Justin thinks that Debbie might be on to something: every time he opens his eyes, Justin sees what he thinks he should have. His eyes look out on the world and they see conventional families, conventional lives—and it all looks so appealing. Not because those things are what’s best for him, but because they’re socially accepted and comfortable-looking, at least from his outsider’s perspective. He’s made a lot of decisions lately with eyes wide open.

Justin closes his eyes and tries to see what really matters.


Though Brian knows that the family issue hasn’t been dropped completely, the rest of the weekend actually goes pretty smoothly. And since Brian wants to avoid any further dramatics for as long as possible, it isn’t until the last night Justin is at the loft, when they’re on their way into the shower that he brings up the move.

“Kinnetik is opening a satellite office in New York,” Brian says quickly, and Justin freezes mid-step, shirt half-off.

Justin turns back to make sure he heard correctly. “Huh?”

Brian shrugs and half-smiles. “New York.”

Justin narrows his eyes. “I—do you really think now is the right time to expand the company?
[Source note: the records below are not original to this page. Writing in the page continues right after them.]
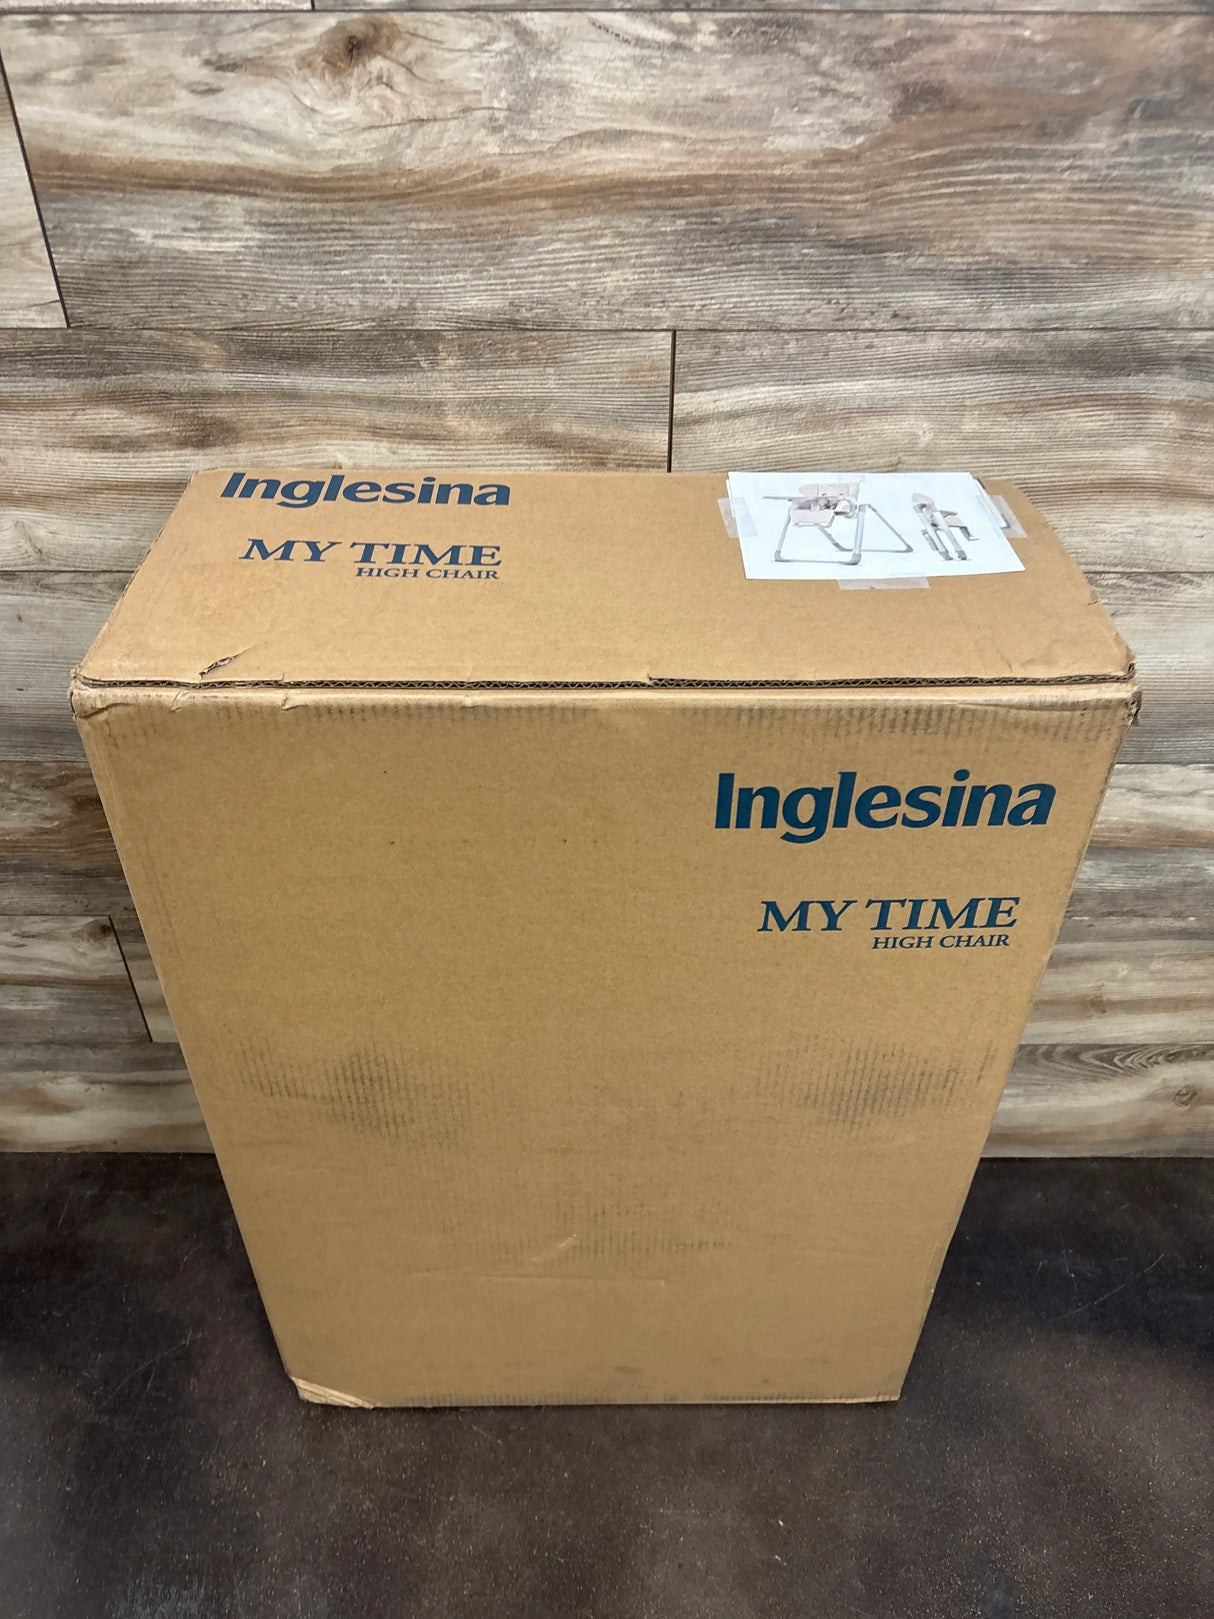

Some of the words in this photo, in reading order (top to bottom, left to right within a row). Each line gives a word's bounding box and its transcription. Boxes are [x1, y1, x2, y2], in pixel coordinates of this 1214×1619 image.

[220, 472, 511, 508] Inglesina
[239, 539, 343, 562] MY
[349, 542, 503, 567] TIME
[355, 567, 420, 579] HIGH
[425, 568, 500, 580] CHAIR
[715, 769, 1056, 844] Inglesina
[757, 900, 858, 932] MY
[865, 897, 1021, 931] TIME
[872, 936, 934, 949] HIGH
[939, 934, 1011, 948] CHAIR
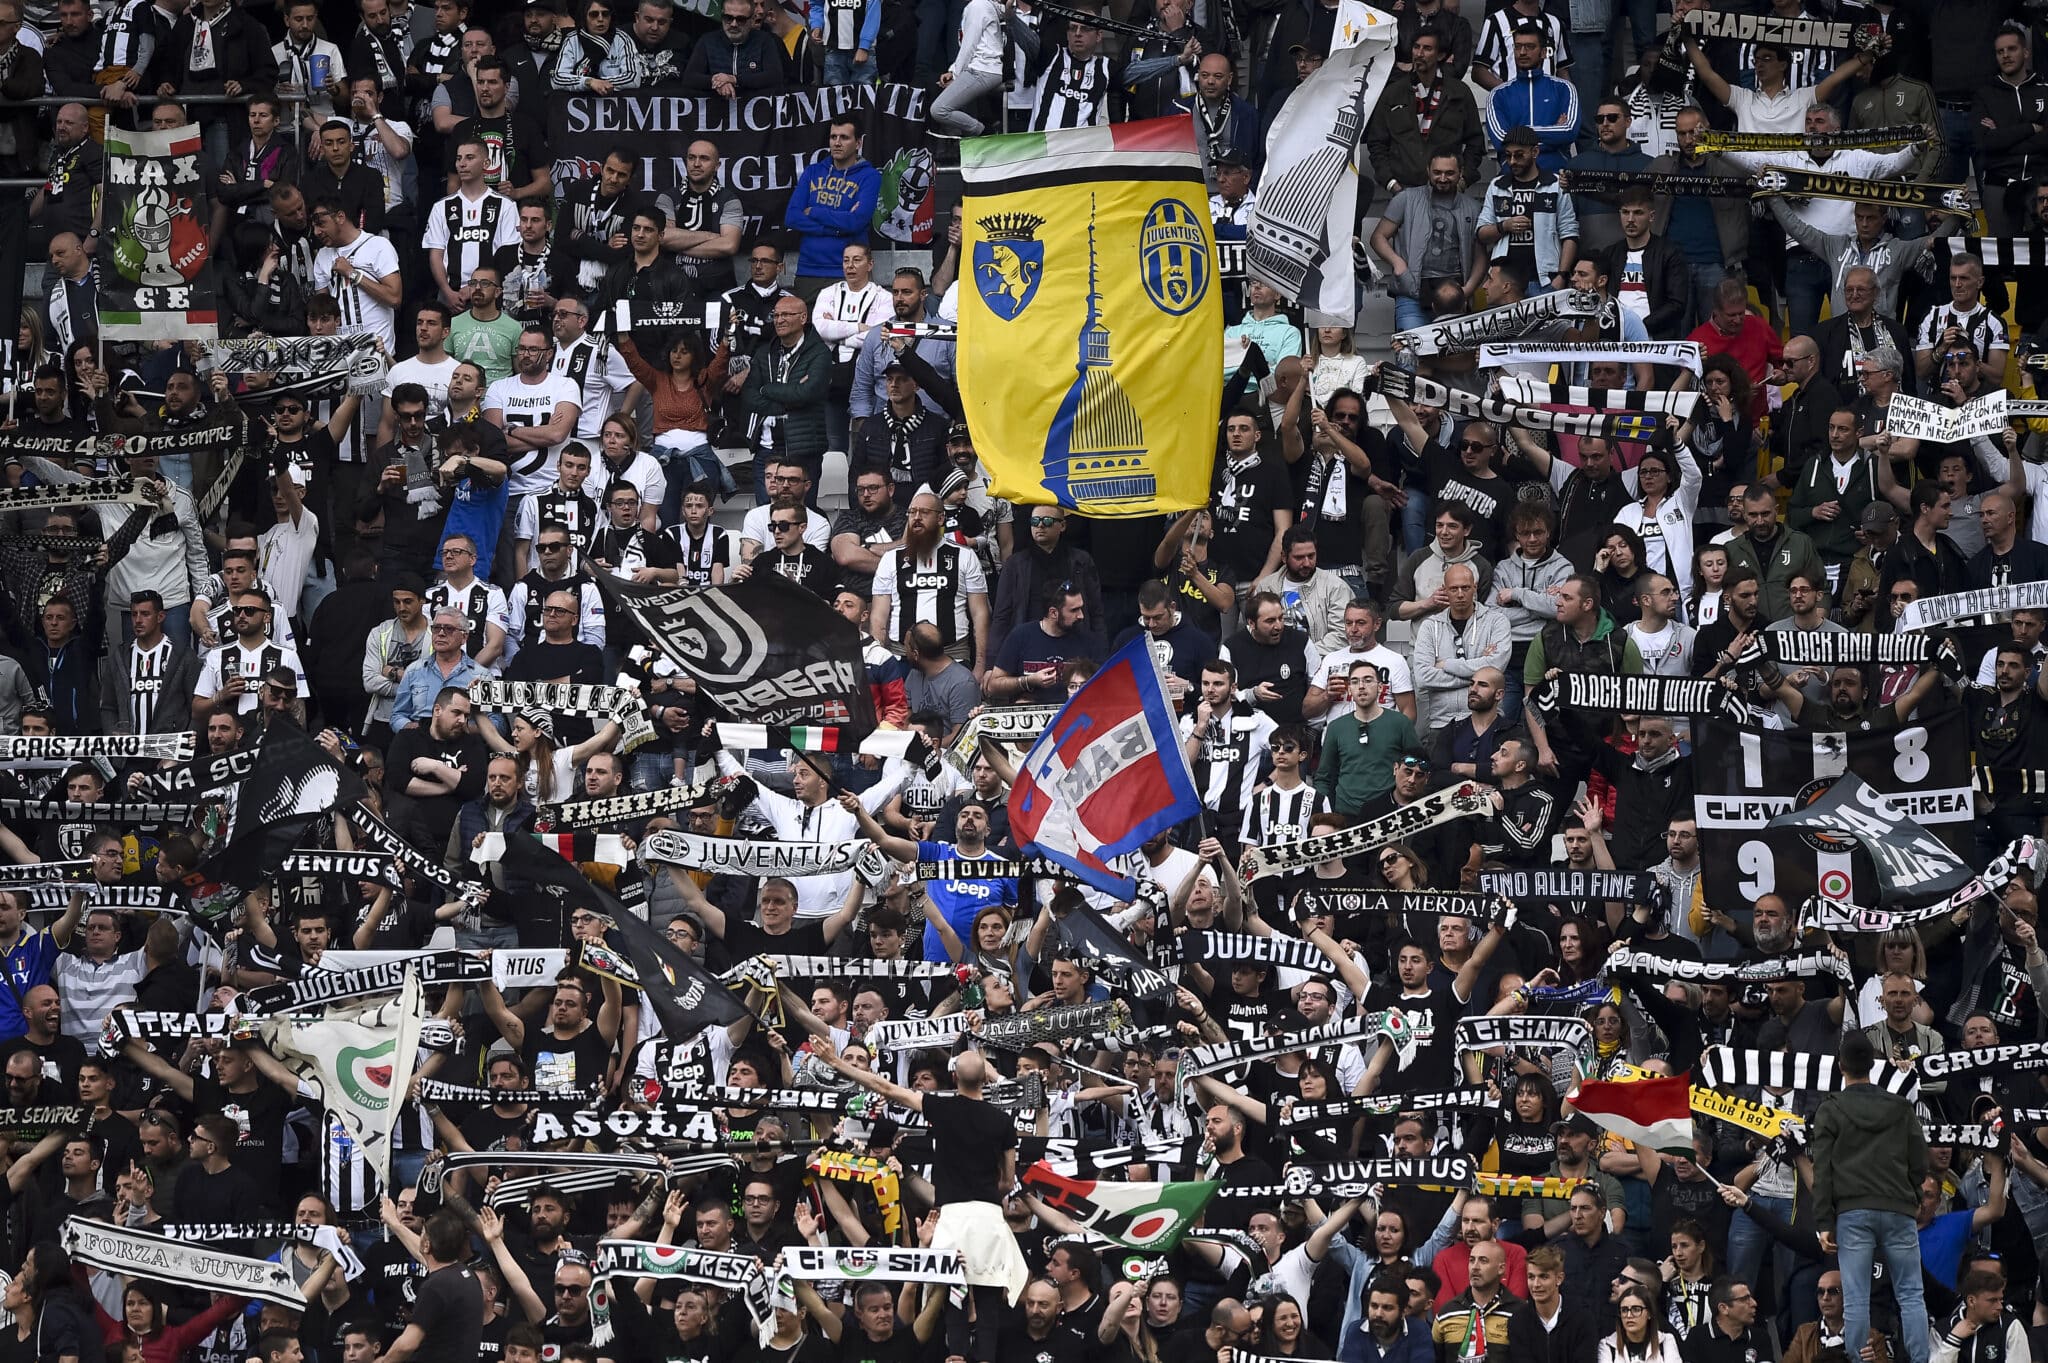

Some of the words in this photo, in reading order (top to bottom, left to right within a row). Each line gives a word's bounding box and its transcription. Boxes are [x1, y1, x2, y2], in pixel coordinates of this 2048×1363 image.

[1058, 84, 1089, 103] Jeep
[567, 83, 926, 132] SEMPLICEMENTE
[110, 155, 200, 185] MAX
[1803, 175, 1925, 201] JUVENTUS
[454, 226, 489, 244] Jeep
[1146, 225, 1200, 245] JUVENTUS
[636, 316, 701, 326] JUVENTUS
[507, 395, 551, 409] JUVENTUS
[1414, 376, 1607, 437] DRUGHI
[1890, 405, 1931, 424] RIMARRAI
[1974, 406, 1990, 418] CON
[1992, 400, 2004, 413] ME
[1893, 395, 1928, 411] ANCHE
[1931, 404, 1943, 416] SE
[13, 436, 73, 453] SEMPRE
[178, 424, 234, 447] SEMPRE
[1888, 418, 1921, 436] BARZA
[1438, 479, 1498, 518] JUVENTUS
[1637, 523, 1662, 537] Jee
[687, 569, 710, 585] eep
[905, 574, 949, 590] Jeep
[1918, 596, 1964, 623] FINO
[1967, 587, 2010, 612] ALLA
[2013, 581, 2048, 607] FIN
[1778, 631, 1831, 663] BLACK
[1838, 632, 1871, 662] AND
[1570, 673, 1620, 707] BLACK
[1626, 677, 1658, 711] AND
[1663, 680, 1716, 713] WHITE
[13, 737, 140, 757] CRIS7IANO
[1739, 731, 1763, 788] 1
[1894, 726, 1930, 782] 8
[560, 779, 706, 822] FIGHTERS
[1259, 796, 1446, 864] FIGHTERS
[1266, 821, 1304, 837] Jeep
[281, 855, 381, 878] VENTUS
[698, 839, 852, 869] JUVENTUS
[0, 866, 64, 880] NTUS
[1737, 840, 1775, 902] 9
[945, 880, 991, 899] Jeep
[1535, 872, 1585, 897] ALLA
[1590, 872, 1637, 899] FINE
[1318, 896, 1389, 911] VIOLA
[1403, 895, 1486, 917] MERDA!
[1202, 930, 1338, 974] JUVENTUS
[506, 957, 546, 976] NTUS
[289, 963, 406, 1006] JUVENTUS
[135, 1010, 229, 1038] TRAD
[881, 1013, 970, 1042] JUVENTU
[665, 1062, 706, 1083] Jeep
[2013, 1057, 2048, 1071] CURV
[1412, 1091, 1482, 1111] SiAM
[22, 1104, 85, 1125] SEMPRE
[1702, 1101, 1736, 1117] CLUB
[1739, 1109, 1771, 1131] 1897
[1921, 1123, 2001, 1149] TERS
[1321, 1157, 1468, 1182] JUVENTUS
[84, 1232, 170, 1269] FORZA
[195, 1257, 265, 1284] JUVE
[686, 1250, 757, 1285] PRESE
[888, 1252, 963, 1276] SiAM
Please tell me that you’ve thought this out and—”

Brian nods, acknowledging Justin’s evident sense of panic. “It wasn’t the right time six months ago, but it is now.” He runs a hand through Justin’s hair. “Besides, we’re at a point where we can’t be afraid to take a chance. Kinnetik, that is.”

Justin leans into Brian’s touch and smiles. “Kinnetik.”

“Of course.”

“Mm-hmm.”

“So you’re moving, too?”

Brian rolls his eyes. “No, I’ll stay completely out of the opening of what will probably become our most profitable office. Of course I’m moving to New York.” He pauses. “Are you okay with that?”

For the first time in a while, Justin knows exactly where he needs to be, and he knows how he’s going to get there. It’s all much less painful than he’d ever have thought. He nods, smiling brightly.


Several months later, Justin has a show at a swanky gallery uptown.

“So, what was your inspiration here?” a prospective buyer asks.

“Roses,” he responds politely. The painting clearly contains phallic imagery, but Justin chooses not to elaborate further, instead taking a sip of his wine. The buyer wanders off, only slightly confused.

Brian sidles up next to Justin and shoots him an amused glance, motioning at the painting. “If those are roses, I’m guessing you weren’t channeling Georgia O’Keeffe, because those sure as Hell don’t look like vaginas.”

Justin smiles wickedly. “I know.”

They fuck in the bathroom two minutes later.